When expression is driven by Scer\GAL4elav-C155 flies show abnormally outspread wings and cannot fly. Flies are uncoordinated and show adult lethality - dying 5-10 days post-eclosion. When expression is driven by Scer\GAL4Mhc.PW flies' wings are droopy or held up and they cannot fly. When expression is driven by Scer\GAL4G7 flies show pupal lethality. When expression is driven by Scer\GAL4hs.2sev the retina is disordered with misshapen rhabdomeres, abnormal rhabdomere numbers and fused ommatidia. Phototransduction is normal, however synaptic transmission is reduced (as indicated by a reduction in off-transient mean amplitude as assayed by ERG).

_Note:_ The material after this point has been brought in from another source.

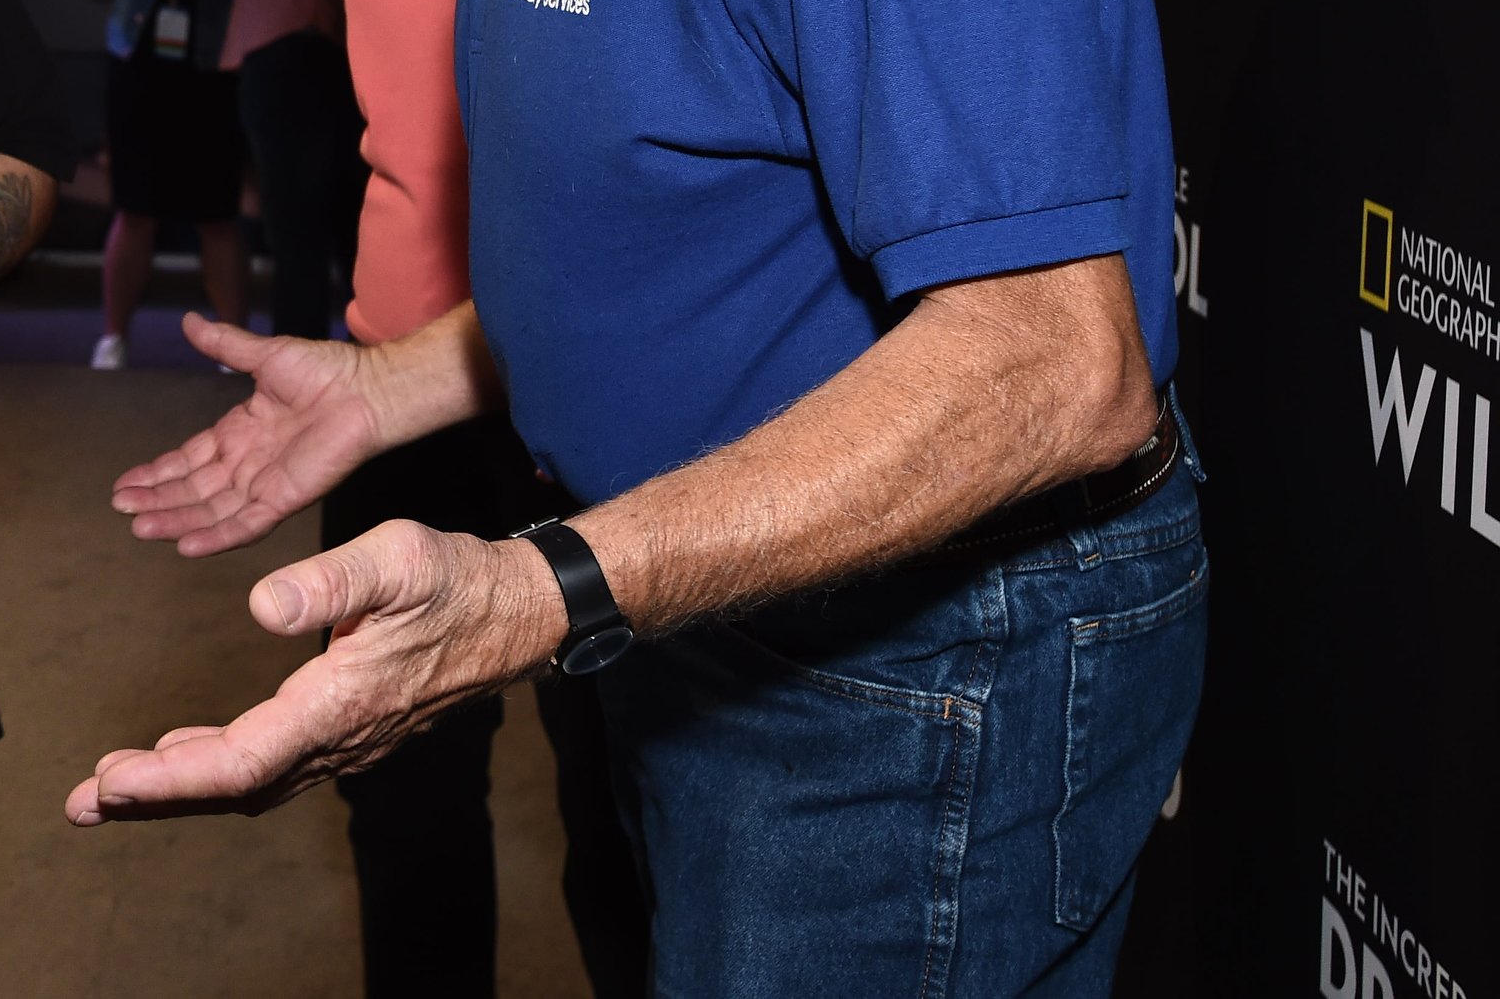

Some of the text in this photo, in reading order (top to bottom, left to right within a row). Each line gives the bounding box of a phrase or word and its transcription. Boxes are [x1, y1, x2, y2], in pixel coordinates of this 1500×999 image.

When expression is driven by Scer\GAL4elav-C155 the larval neuromuscular junction shows pronounced synaptic undergrowth and underelaboration of synaptic terminals. Muscle 4 has 36% decrease in number of boutons over controls. Bouton diameter is nearly twice that of wild type. When expression is driven by Scer\GAL4Mhc.PW the larval neuromuscular junction shows pronounced synaptic undergrowth and underelaboration of synaptic terminals. Muscle 4 has 17% decrease in number of boutons over controls. Mean EJC amplitude is unaffected when expression is driven by Scer\GAL4elav-C155 but mEJC analysis shows that the frequency of spontaneous glutamate release is increased five-fold (though unaffected when driven by Scer\GAL4Mhc.PW).